◆ Instructions to follow
Would you write out every record that follows exactly, with the pictures left out?

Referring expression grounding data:
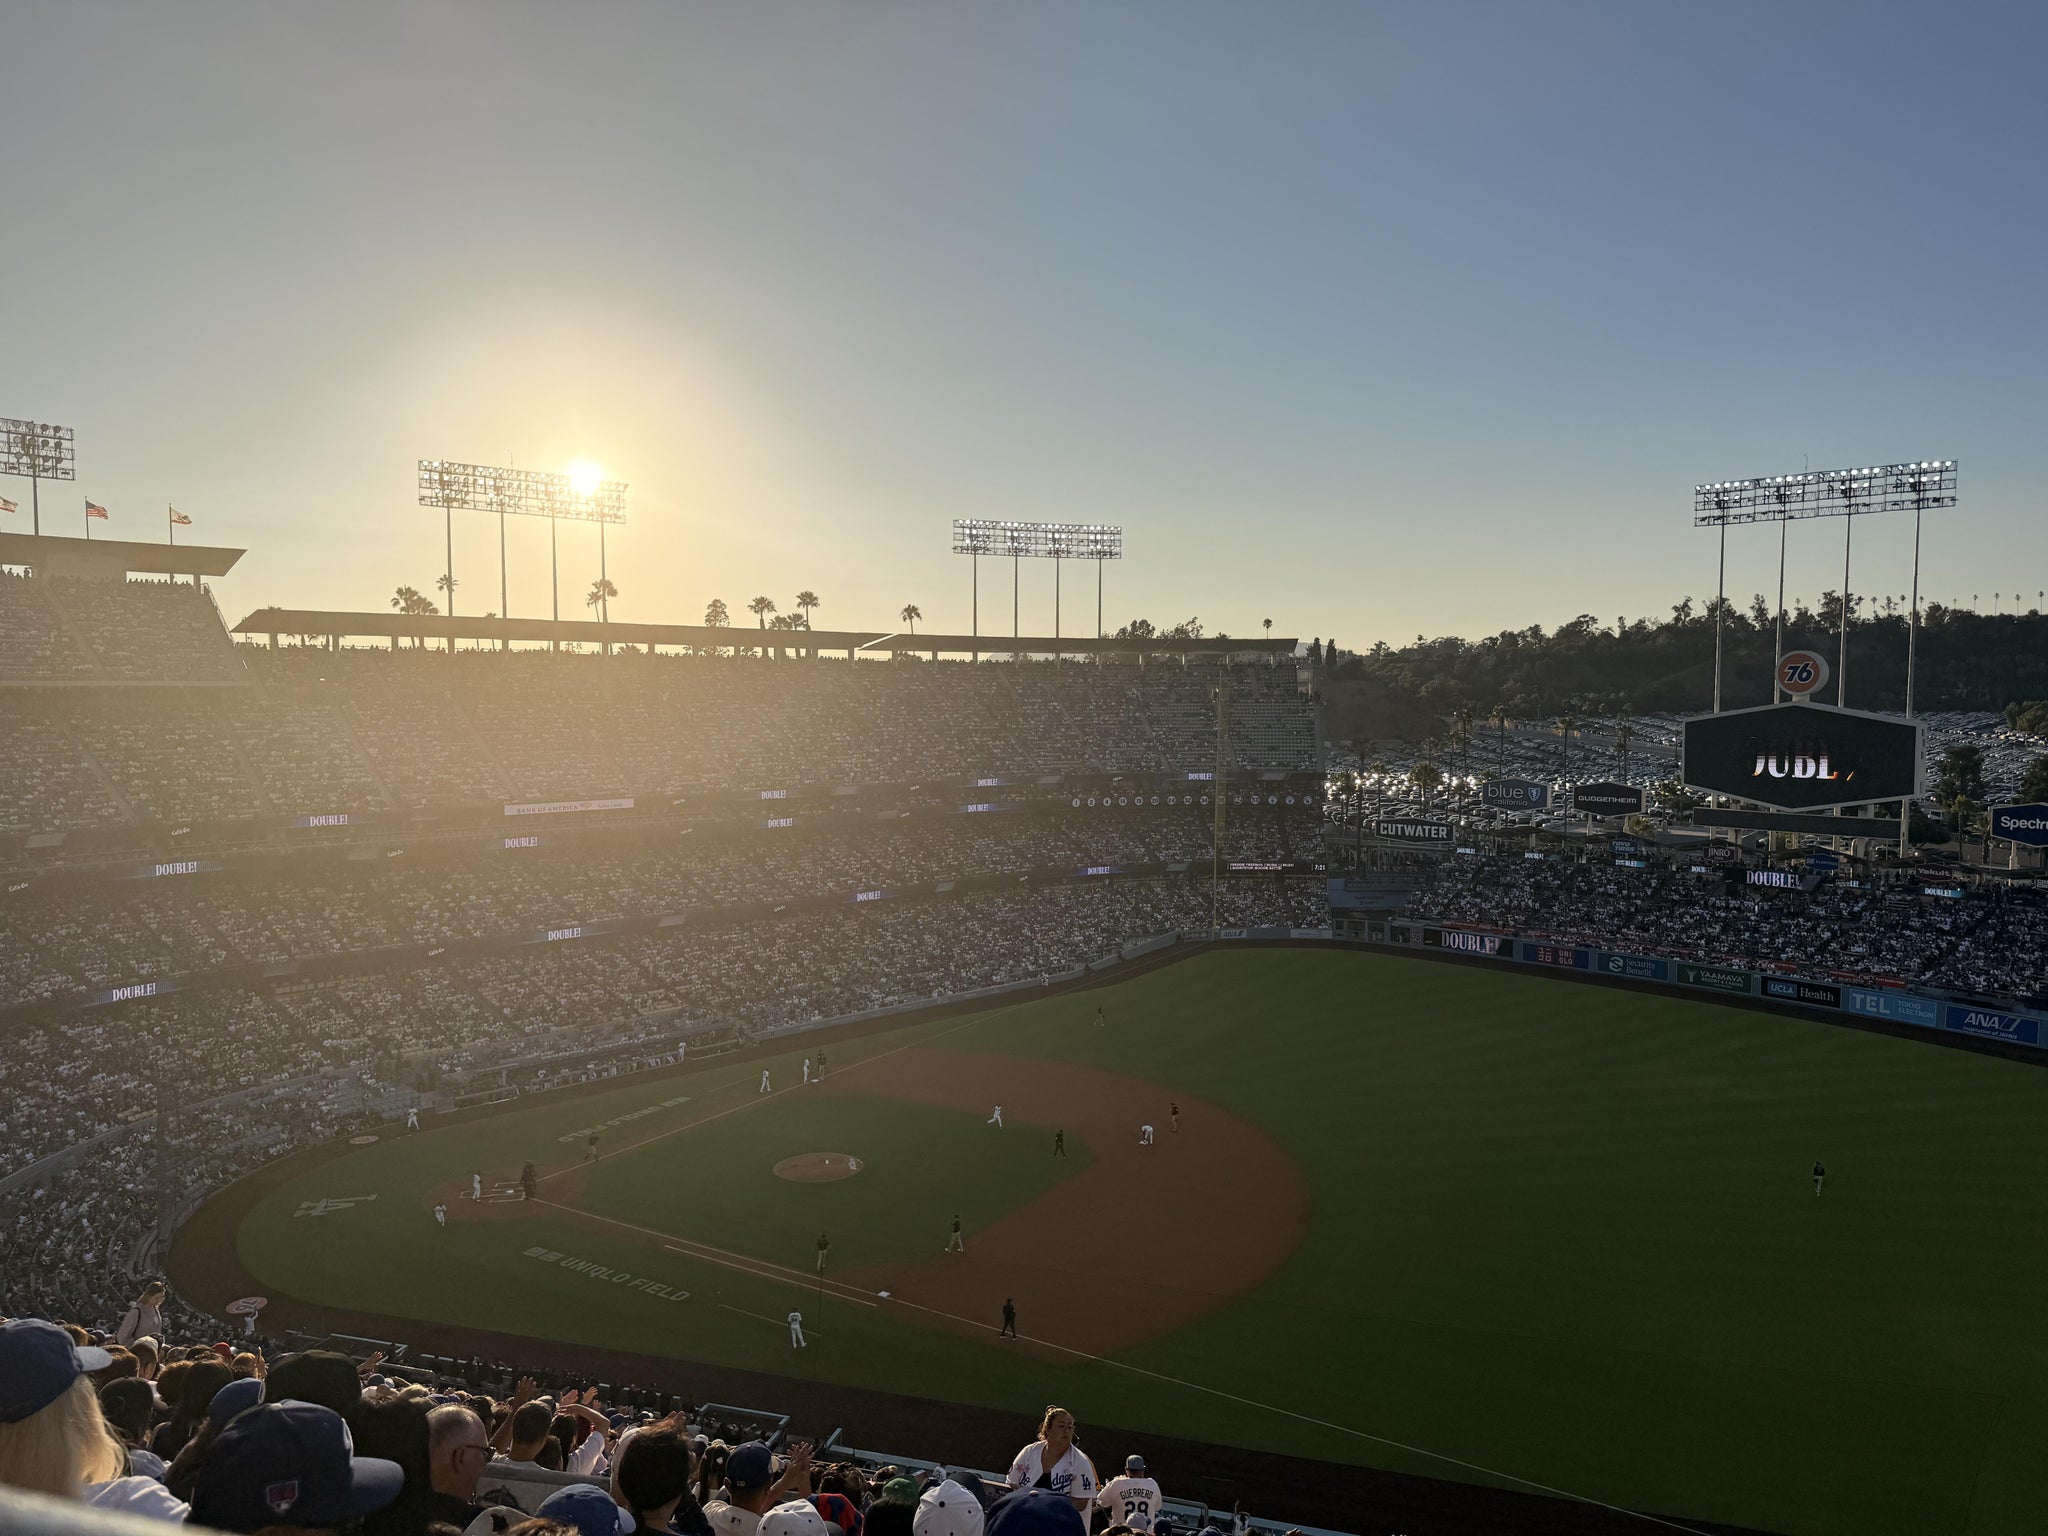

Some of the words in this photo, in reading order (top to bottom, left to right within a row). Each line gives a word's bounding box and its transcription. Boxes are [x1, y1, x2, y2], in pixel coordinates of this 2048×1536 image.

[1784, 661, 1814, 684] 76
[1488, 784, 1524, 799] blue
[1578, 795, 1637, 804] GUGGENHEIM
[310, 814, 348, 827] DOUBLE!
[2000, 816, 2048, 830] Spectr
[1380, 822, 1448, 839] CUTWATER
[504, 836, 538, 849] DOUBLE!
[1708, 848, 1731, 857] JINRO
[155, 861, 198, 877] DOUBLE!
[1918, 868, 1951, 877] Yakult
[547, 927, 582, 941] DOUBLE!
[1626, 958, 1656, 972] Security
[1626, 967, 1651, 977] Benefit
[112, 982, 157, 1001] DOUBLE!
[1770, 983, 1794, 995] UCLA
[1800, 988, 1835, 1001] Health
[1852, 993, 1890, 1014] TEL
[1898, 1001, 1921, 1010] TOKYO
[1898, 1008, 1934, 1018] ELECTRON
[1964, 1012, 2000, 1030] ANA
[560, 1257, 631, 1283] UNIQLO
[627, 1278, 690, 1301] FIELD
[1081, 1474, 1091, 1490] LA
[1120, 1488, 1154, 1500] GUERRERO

◆ Response
Some of the words in this photo, in reading order (top to bottom, left to right within a row). Each line gives a word's bounding box and its transcription. Boxes are [x1, y1, x2, y2], in pixel coordinates of this 2048×1536 image.

[1784, 661, 1814, 684] 76
[1488, 784, 1524, 799] blue
[1578, 795, 1637, 804] GUGGENHEIM
[310, 814, 348, 827] DOUBLE!
[2000, 816, 2048, 830] Spectr
[1380, 822, 1448, 839] CUTWATER
[504, 836, 538, 849] DOUBLE!
[1708, 848, 1731, 857] JINRO
[155, 861, 198, 877] DOUBLE!
[1918, 868, 1951, 877] Yakult
[547, 927, 582, 941] DOUBLE!
[1626, 958, 1656, 972] Security
[1626, 967, 1651, 977] Benefit
[112, 982, 157, 1001] DOUBLE!
[1770, 983, 1794, 995] UCLA
[1800, 988, 1835, 1001] Health
[1852, 993, 1890, 1014] TEL
[1898, 1001, 1921, 1010] TOKYO
[1898, 1008, 1934, 1018] ELECTRON
[1964, 1012, 2000, 1030] ANA
[560, 1257, 631, 1283] UNIQLO
[627, 1278, 690, 1301] FIELD
[1081, 1474, 1091, 1490] LA
[1120, 1488, 1154, 1500] GUERRERO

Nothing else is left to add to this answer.